Form of Inducement Stock Option Agreement

Contract Categories: Business Finance - Stock Agreements
EX-10.2 3 brhc10034387_ex10-2.htm EXHIBIT 10.2

Exhibit 10.2


INDUCEMENT STOCK OPTION AGREEMENT

THIS INDUCEMENT STOCK OPTION AGREEMENT (this “Agreement”) is between Femasys Inc., a Delaware corporation (the “Company”), and [●] (the “Grantee”) and is made as of [●], 2022.
RECITALS

WHEREAS, the Company maintains the Femasys Inc. 2021 Equity Incentive Plan (as it may be amended and/or restated from time to time, the “Plan”);
 
WHEREAS, the Plan permits the Company to award options to purchase shares of the Company’s common stock, $0.001 par value per share (“Shares”), subject to the terms of the Plan;
WHEREAS, as an inducement material to the Grantee’s acceptance of employment with the Company in accordance with NASDAQ Listing Rule 5635(c)(4) and the related guidance under Nasdaq IM 5635-1, the Company desires to grant this Option to purchase Shares to the Grantee outside of the Plan pursuant to the terms of this Agreement;

WHEREAS, notwithstanding the foregoing, the Company and the Grantee intend for this Agreement and the Option to be subject to all of the terms and conditions of the Plan, as if the Option had been granted under the Plan; and

WHEREAS, all of the capitalized terms used in this Agreement not otherwise defined in this Agreement have the same respective meanings as defined in the Plan.

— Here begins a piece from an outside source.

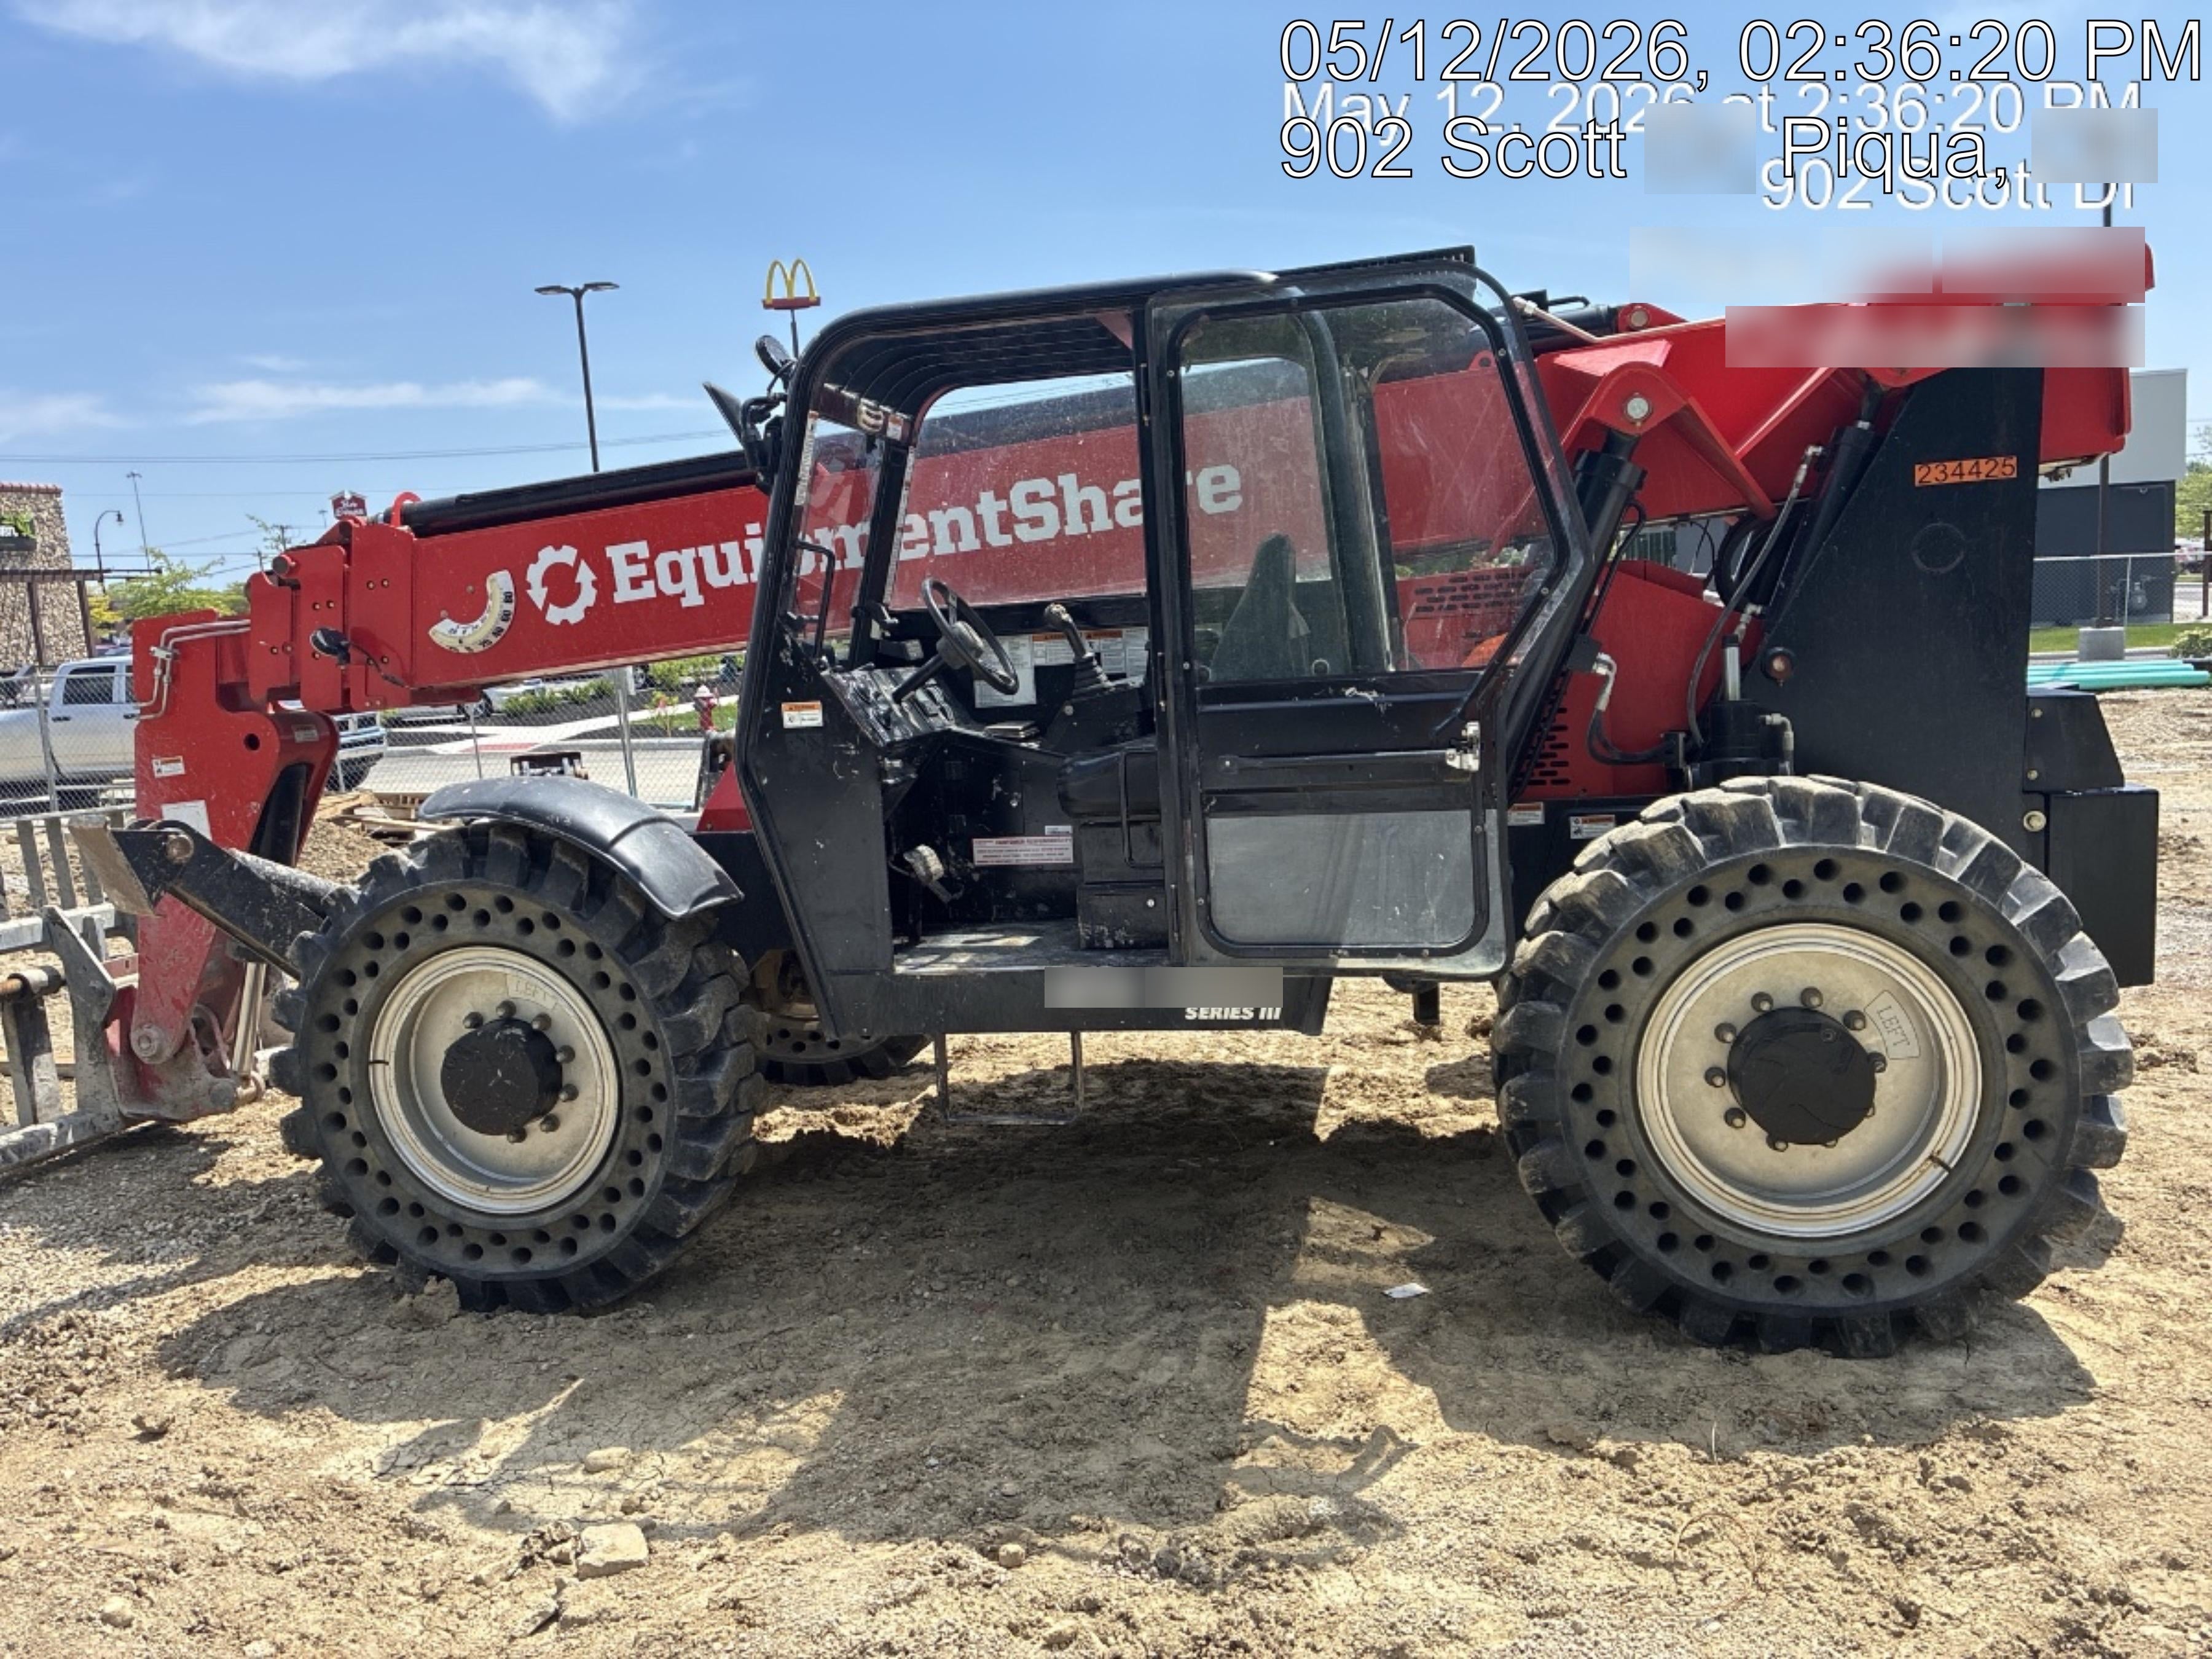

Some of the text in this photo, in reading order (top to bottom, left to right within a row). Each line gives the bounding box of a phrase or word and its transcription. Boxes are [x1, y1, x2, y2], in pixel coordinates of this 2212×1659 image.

NOW, THEREFORE, in consideration of these premises and the agreements set forth herein, the parties, intending to be legally bound hereby, agree as follows:

Section 1. Grant of Option. Effective as of the Grant Date (as specified on Schedule A hereto), the Company grants to the Grantee, pursuant to the Plan and the terms and conditions of this Agreement, an option to purchase that number of Shares and at the exercise price set forth on Schedule A hereto (the “Option”). The Option is not, and is not intended to be, an Incentive Stock Option under Section 422 of the Code.

Section 2. Term of Option. Unless earlier terminated pursuant to the Plan or the other provisions of this Agreement, the Option shall terminate at the time and on the date specified on Schedule A hereto (the “Expiration Date”).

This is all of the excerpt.